Scolari stays calm amid Chelsea storm

LONDON - The immediate future of Chelsea, and their Brazilian manager Luiz Felipe Scolari is about as clear as the fog that almost led to the postponement of their FA Cup replay at Southend United on Wednesday.

Although many insiders believe there is little real prospect of the World Cup winning coach leaving Stamford Bridge despite fans' disgruntlement, there is plenty that needs to be put right if Chelsea are to end the season basking in the sunlight.

The confusion in west London though, is not just centred on what tactics 60-year-old Scolari should employ and who might actually be playing for or leaving the team.

Off the field there are continuing, unsettling rumours about whether Russian billionaire Roman Abramovich, the man who has bankrolled the club's most successful period since their formation in 1905, is still in love with the boys in blue.

The serious questions about Scolari concern his training routines, his tinkering with his defensive formation and his relationship with the players.

An honest and open man, club sources said this week that things had never been quite the same at Chelsea since the departure of his long-serving and popular assistant coach Steve Clarke to West Ham United in September.

Clarke's "arm around the shoulder" approach to solving problems is in contrast to Scolari who openly queried some of his players' commitment this week, while also taking his share of the blame for their poor form.

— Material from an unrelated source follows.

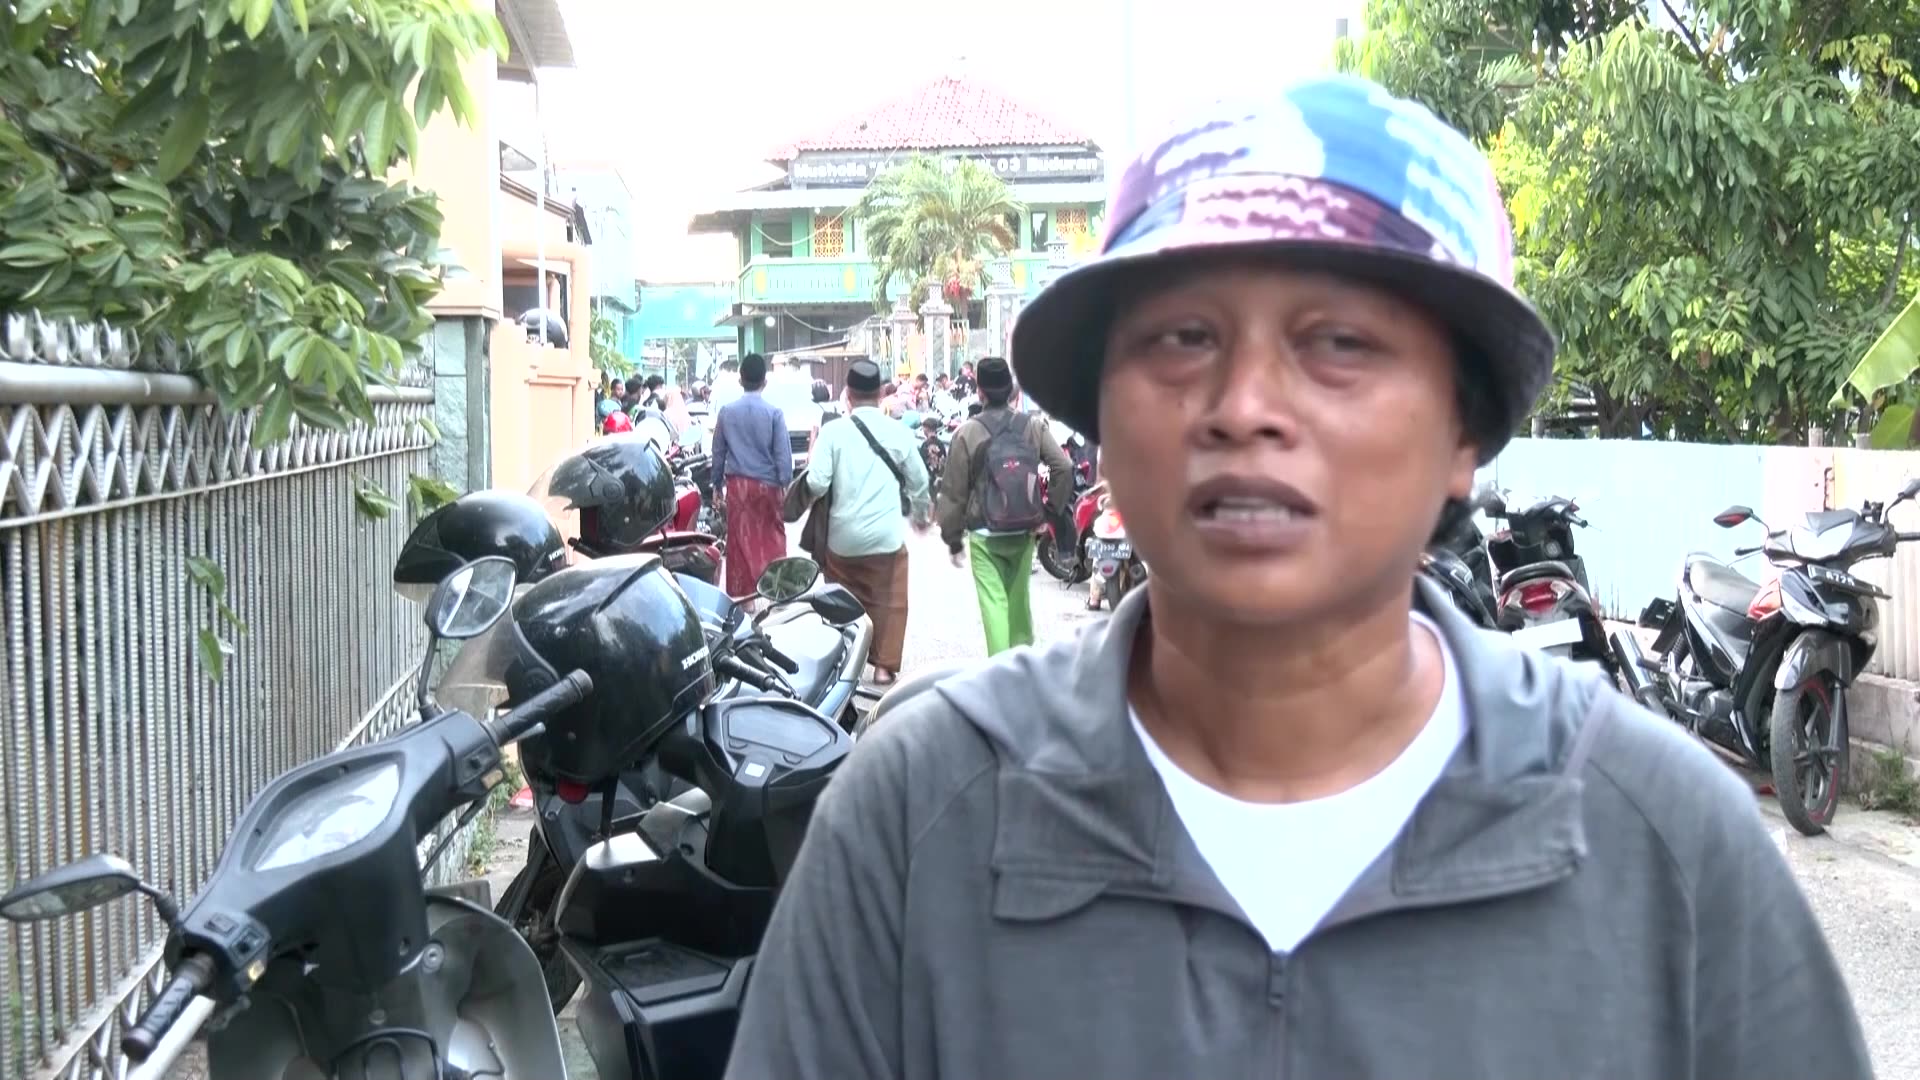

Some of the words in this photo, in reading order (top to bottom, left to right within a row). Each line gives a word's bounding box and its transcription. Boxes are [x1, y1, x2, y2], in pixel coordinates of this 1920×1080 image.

[794, 161, 867, 178] Musholla
[997, 156, 1021, 172] 03
[1026, 156, 1098, 172] Buduran

In return, senior players have openly questioned his training methods and clearly, in the early stages against Southend on Wednesday, were not coping with his newly employed zonal marking plan when they went a goal down and were lucky not to trail 2-0 before winning 4-1.

However, just four defeats in his first 31 matches in charge hint he might be getting something right -- even though Chelsea have looked a pale shadow of themselves recently.

For all of their woes though, they are still third in the Premier League, only four points behind leaders Liverpool with 17 games to play.

They are also into the last 16 of the Champions League with an intriguing tie against Juventus, coached by their old boss Claudio Ranieri, and into the fourth round of the FA Cup.


Scolari -- unlike his old confrontational self -- is almost the calm eye at the centre of the British media storm that has engulfed Stamford Bridge -- one that could well just turn out to be nothing more than a storm in a Brazilian coffee cup.

Yes, Scolari publicly castigated his players after their 3-0 loss at Manchester United on Sunday, and yes, he has been unable to stop a run of disappointing performances, especially at home.

But Scolari, who had coached for 25 years in Brazil, Kuwait, Saudi Arabia and Portugal before coming to England, is not suddenly floundering now.

He reinforced his authority by dropping one-time golden boy Didier Drogba from the squad for the game at Southend after a run of indifferent performances.

Strong managers do that, not weak ones, and Scolari is a long way from weak.


In many ways he has revitalised the image of the club and won over some neutral fans who enjoy a freer-flowing game than they saw under his predecessors Jose Mourinho and Avram Grant.

That has taken some doing. The last time any Chelsea teams were widely appreciated for their style was when they were winning trophies back in the 1970s.

Another Chelsea source told Reuters this week: "The problem at Chelsea is not really Scolari but a wider malaise at the club.

"It's not just training routines, training routines change all the time at football clubs, that's no big deal. The big problem at Chelsea are the rumours surrounding the owner and the departure of Steve Clarke."

The "rumours" surrounding the owner have rumbled on for a while now and another club source revealed: "I think the feeling some have is that Roman Abramovich is losing interest.

"He's a man still worth billions -- why has he blocked any transfers into Stamford Bridge this January ?"

The club and Abramovich's staff have laughed off such notions of decreasing passion and insist Chelsea is as close to his heart as ever.

New players now might not be the answer Scolari is looking for in any case. Getting the best out of the ones he has at his disposal is Chelsea's easiest way out of the gloom.